• _Instructions for the task_
An exact copy of the entries below is needed, with every picture left out.
══════════
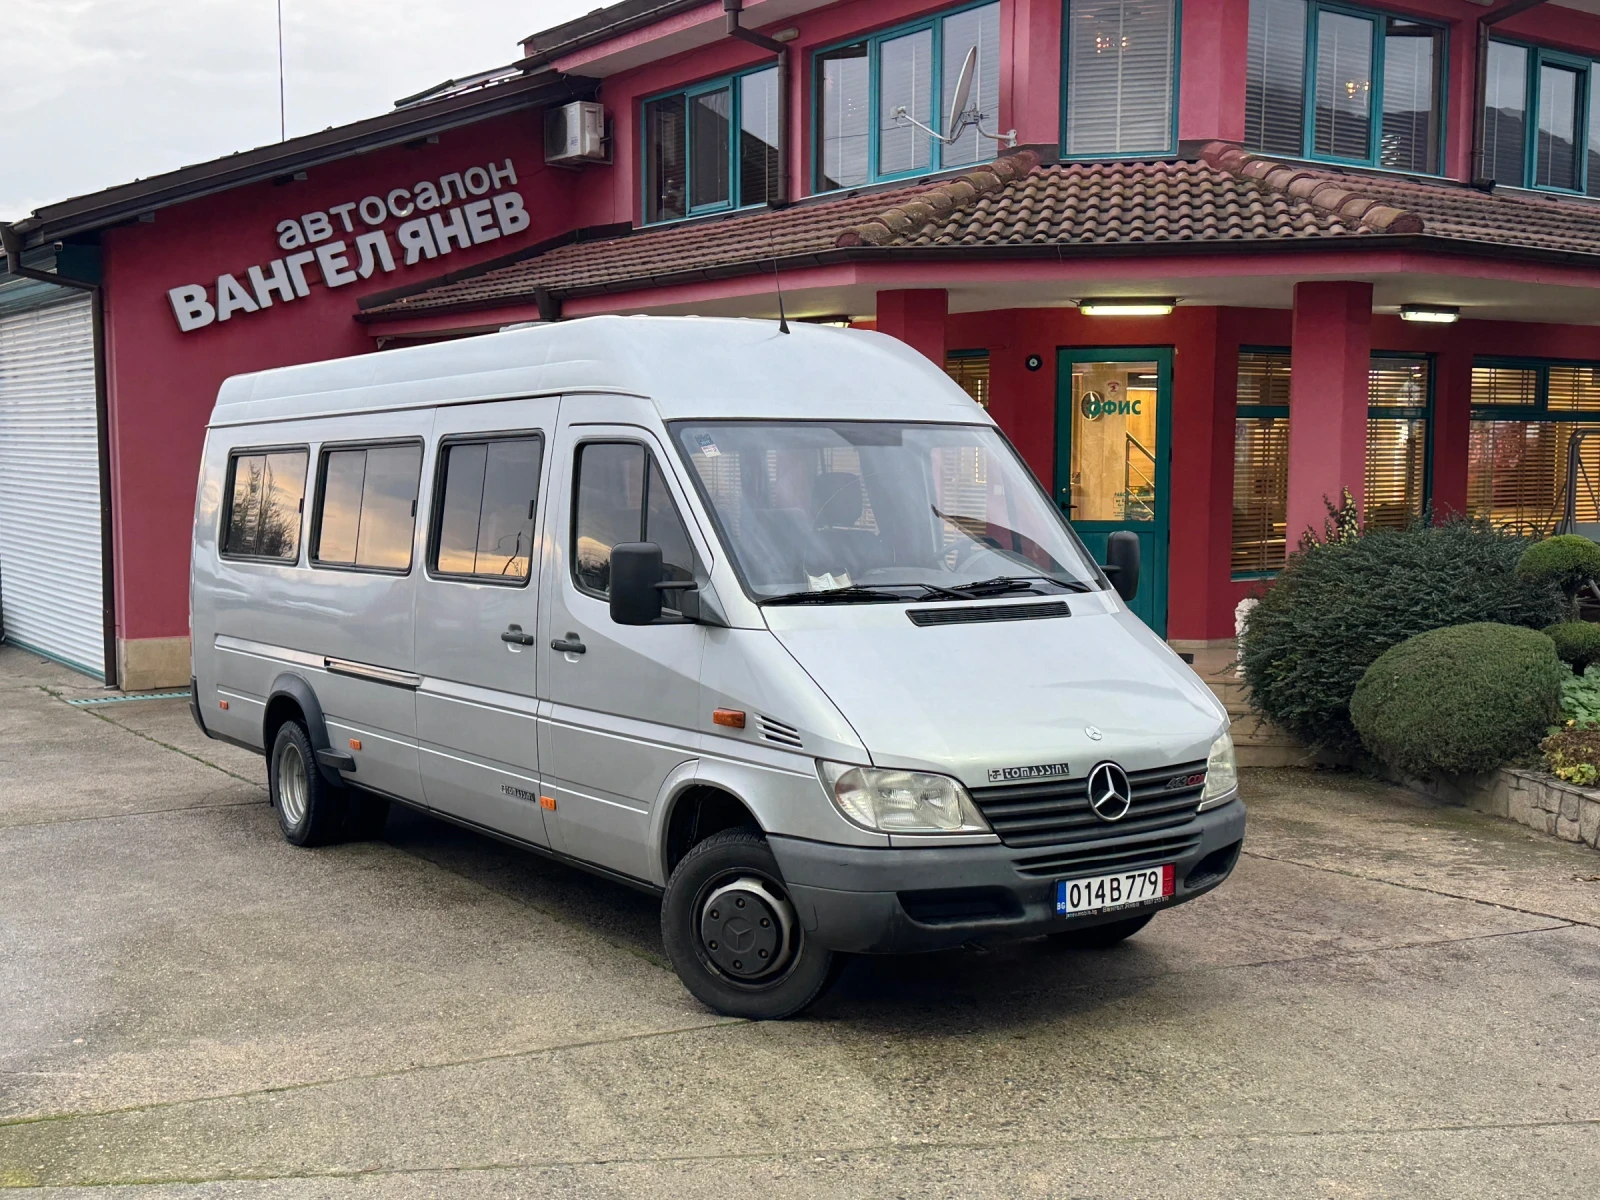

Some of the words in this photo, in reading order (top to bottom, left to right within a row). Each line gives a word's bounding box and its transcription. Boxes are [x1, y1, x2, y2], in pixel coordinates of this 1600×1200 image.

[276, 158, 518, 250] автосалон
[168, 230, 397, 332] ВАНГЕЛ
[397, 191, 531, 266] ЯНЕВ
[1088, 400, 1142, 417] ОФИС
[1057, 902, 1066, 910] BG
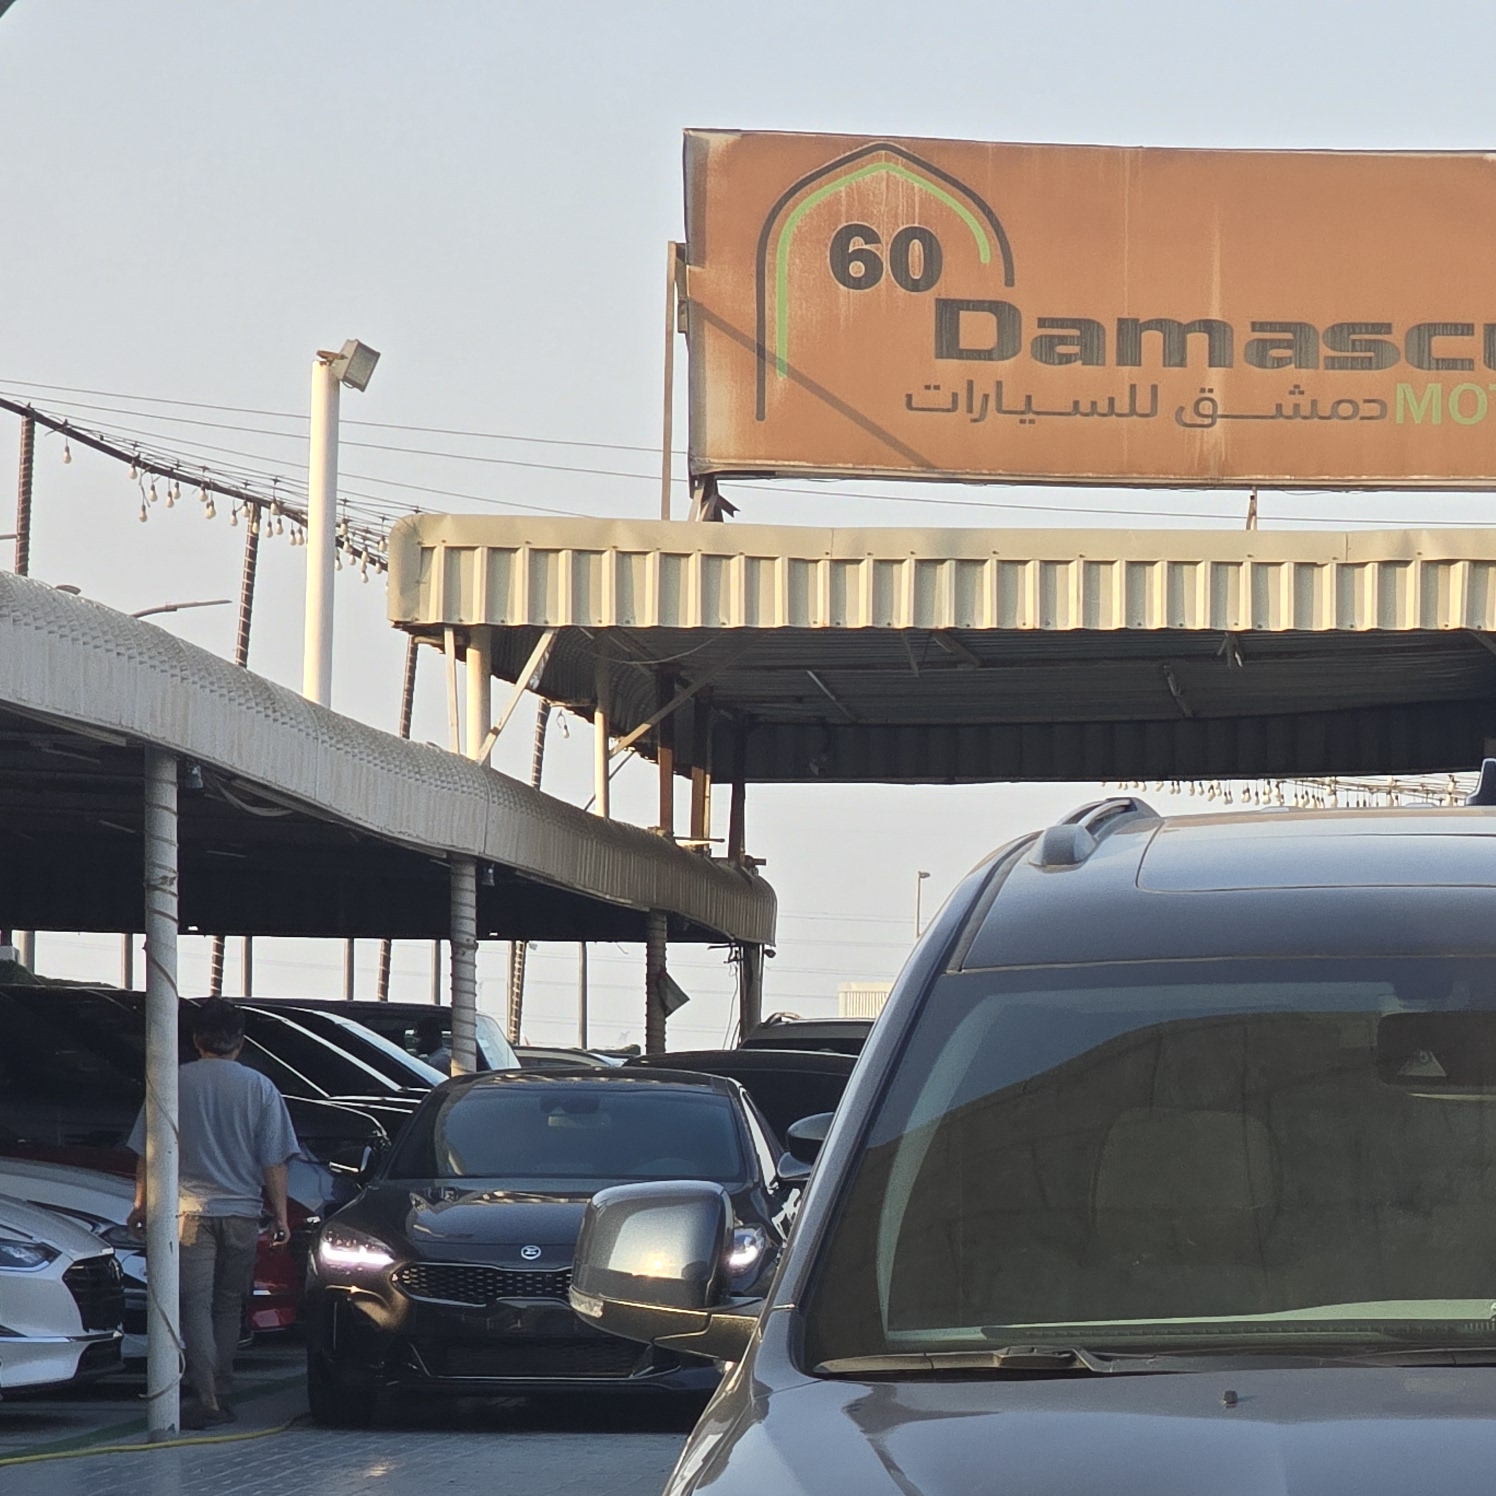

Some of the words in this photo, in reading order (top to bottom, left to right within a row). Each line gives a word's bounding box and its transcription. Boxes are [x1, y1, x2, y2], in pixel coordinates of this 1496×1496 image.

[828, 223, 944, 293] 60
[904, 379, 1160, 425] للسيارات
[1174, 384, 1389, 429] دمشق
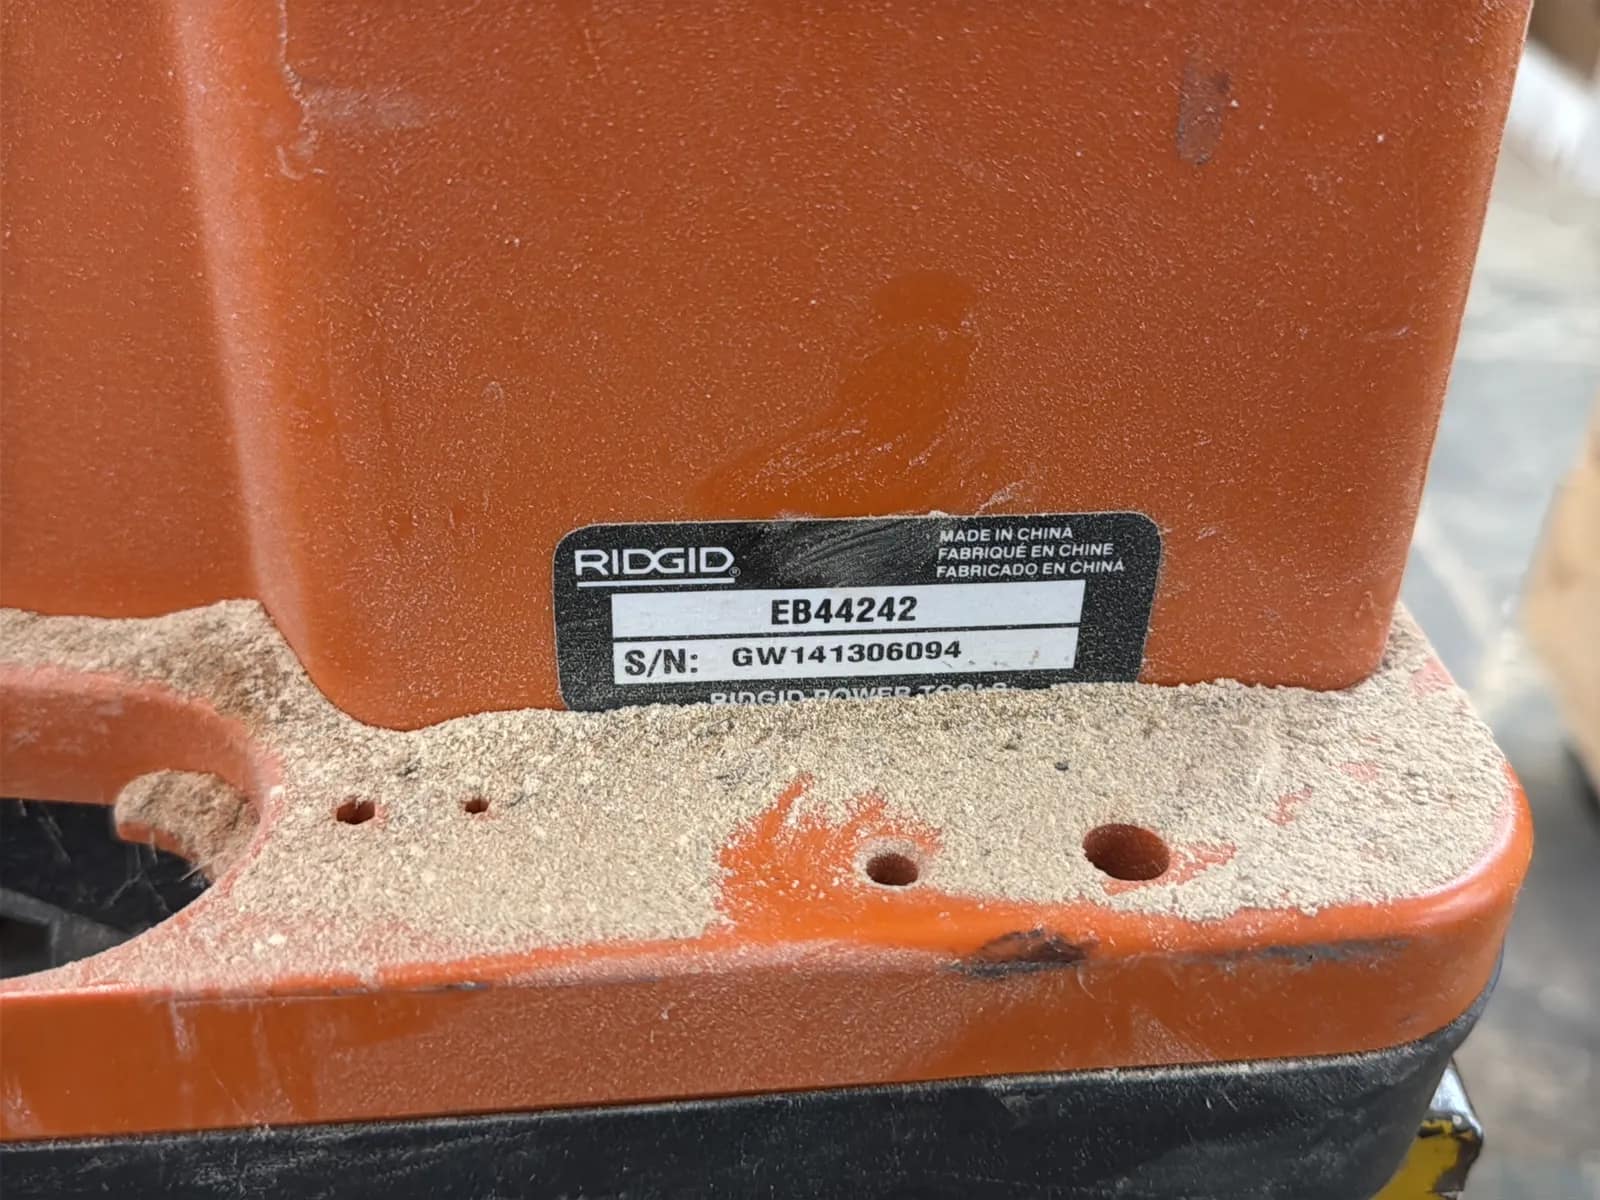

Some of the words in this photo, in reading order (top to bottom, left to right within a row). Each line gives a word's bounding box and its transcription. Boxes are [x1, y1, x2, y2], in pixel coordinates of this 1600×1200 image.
══════════
• _Response_
Some of the words in this photo, in reading order (top to bottom, left to right within a row). Each line gives a word's bounding box and its transcription. Boxes are [x1, y1, x2, y2], in pixel coordinates of this 1600×1200 image.

[276, 158, 518, 250] автосалон
[168, 230, 397, 332] ВАНГЕЛ
[397, 191, 531, 266] ЯНЕВ
[1088, 400, 1142, 417] ОФИС
[1057, 902, 1066, 910] BG

Some of the words in this photo, in reading order (top to bottom, left to right within a row). Each line gives a word's bounding box and its transcription. Boxes are [x1, y1, x2, y2], in pixel coordinates of this 1496×1496 image.

[828, 223, 944, 293] 60
[904, 379, 1160, 425] للسيارات
[1174, 384, 1389, 429] دمشق

Some of the words in this photo, in reading order (top to bottom, left to right within a row). Each line gives a word's bounding box and its transcription. Boxes are [x1, y1, x2, y2], in pixel coordinates of this 1600×1200 image.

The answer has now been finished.